In this study, MoS2 FET was implemented through a solution process by selectively modifying the edge of MoS2 only with organic compounds, without using metal ions at all. The paper was published in ACS Nano (2017, 11, 12832-12839) by the researchers led by Hyoyoung LEE (CINAP-IBS, Professor of Chemistry) with Mun Seok JEONG (Professor of Energy Science). To exfoliate the 2D MoS2 bulk materials into single-layer edge-1T basal-2H MoS2 sheets, they used 4-carboxy-benzenediazonium (+N2-benzene-COOH) tetrafluoroborate. Edge-exposed nucleophilic sulfides of the bulk MoS2 can act as substitutes for the electrophiles of +benzene-COOH diazonium salts. The chemically attached polar COOH functional group facilitates the exfoliation by creating an increased electrostatic repulsion force between the MoS2 nanosheets. As a result, the configuration of the resulting exfoliated HOOC-benzene-MoS2 sheets (e-MoS2) is changed to the conducting 1T or 1T′ phase through functionalization at the edge part, while remaining in the semiconducting 2H phase at the basal plane.

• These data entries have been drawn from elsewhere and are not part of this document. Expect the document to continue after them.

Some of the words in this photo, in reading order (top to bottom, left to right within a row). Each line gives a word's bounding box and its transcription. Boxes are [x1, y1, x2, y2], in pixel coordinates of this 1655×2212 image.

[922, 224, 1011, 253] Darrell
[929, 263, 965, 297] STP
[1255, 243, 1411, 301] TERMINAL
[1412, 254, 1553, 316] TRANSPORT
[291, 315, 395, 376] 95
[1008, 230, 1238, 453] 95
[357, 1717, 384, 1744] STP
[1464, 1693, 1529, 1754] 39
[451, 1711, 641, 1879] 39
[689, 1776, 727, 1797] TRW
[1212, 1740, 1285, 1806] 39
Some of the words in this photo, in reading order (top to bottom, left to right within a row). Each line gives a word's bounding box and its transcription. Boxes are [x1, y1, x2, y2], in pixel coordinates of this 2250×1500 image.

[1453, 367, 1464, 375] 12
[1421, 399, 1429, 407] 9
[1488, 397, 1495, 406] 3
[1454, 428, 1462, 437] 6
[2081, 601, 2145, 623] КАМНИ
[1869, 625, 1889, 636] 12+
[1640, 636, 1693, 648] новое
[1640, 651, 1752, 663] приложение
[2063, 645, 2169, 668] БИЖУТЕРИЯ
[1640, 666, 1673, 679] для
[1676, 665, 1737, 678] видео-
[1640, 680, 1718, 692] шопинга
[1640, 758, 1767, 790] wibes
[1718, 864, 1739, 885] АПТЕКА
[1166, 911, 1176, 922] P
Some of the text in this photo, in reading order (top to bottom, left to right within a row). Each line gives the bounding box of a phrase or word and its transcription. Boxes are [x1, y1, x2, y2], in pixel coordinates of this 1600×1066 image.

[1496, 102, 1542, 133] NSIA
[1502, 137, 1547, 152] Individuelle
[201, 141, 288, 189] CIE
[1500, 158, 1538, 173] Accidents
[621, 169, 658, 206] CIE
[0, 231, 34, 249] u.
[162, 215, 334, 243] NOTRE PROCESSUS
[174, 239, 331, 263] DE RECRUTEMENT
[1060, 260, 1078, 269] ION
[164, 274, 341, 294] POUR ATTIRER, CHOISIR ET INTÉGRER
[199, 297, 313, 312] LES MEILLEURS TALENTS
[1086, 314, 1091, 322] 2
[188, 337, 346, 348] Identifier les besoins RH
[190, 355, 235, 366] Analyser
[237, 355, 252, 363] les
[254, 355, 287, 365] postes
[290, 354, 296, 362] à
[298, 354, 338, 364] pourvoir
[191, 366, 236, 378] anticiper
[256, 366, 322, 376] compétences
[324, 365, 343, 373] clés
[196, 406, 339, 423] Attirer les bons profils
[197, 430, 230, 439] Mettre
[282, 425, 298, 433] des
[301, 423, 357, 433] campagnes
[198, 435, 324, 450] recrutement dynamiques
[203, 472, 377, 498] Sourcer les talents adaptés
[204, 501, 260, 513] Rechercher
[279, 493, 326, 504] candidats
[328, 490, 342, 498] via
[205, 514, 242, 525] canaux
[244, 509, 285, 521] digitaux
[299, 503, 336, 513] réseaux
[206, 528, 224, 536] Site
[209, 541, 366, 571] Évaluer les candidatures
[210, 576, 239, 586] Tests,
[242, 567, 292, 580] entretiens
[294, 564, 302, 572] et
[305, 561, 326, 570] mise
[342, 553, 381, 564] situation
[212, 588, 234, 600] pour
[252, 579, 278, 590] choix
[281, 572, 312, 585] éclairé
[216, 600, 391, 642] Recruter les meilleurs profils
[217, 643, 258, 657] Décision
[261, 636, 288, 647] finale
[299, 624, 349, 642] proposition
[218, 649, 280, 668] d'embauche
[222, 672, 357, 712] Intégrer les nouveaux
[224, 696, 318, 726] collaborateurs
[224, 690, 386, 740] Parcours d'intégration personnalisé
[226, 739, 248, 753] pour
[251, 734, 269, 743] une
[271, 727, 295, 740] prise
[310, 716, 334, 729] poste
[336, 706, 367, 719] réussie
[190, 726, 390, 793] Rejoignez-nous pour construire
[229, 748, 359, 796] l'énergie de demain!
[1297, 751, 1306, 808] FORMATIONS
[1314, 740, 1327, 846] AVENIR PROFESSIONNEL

Compared with n-BuLi exfoliated MoS2 (n-MoS2) and basal plane functionalized MoS2 (b-MoS2), which mainly have metallic 1T or 1T′ phase during the chemical treatment showing the on/off ratio of <100, e-MoS2 has a relatively high mobility (μ= 1.2 cm2/(V s) and on/off ratio (= 106) due to the low number of defect sites in the e-MoS2 nanosheets. PDDA (polydiallyldimethylammonium chloride) is used as a cationic layer, while e-MoS2 is used as an anionic layer for the channel film formation. Cross-linking via hydrogen bonding of the negatively charged COOH of the e-MoS2 sheets with the help of a cationic polymer provided good film formation for solution processing TFT channels. The e-MoS2 TFT exhibited great electrical performance (average mobility of 170.8 cm2/(V s) at 1 V and on/off ratio of 106) on SiO2/Si substrates and also a high mobility of 36.34 cm2/(V s) (on/off ratio of 103) on PDMS/PET substrates for flexible TFTs.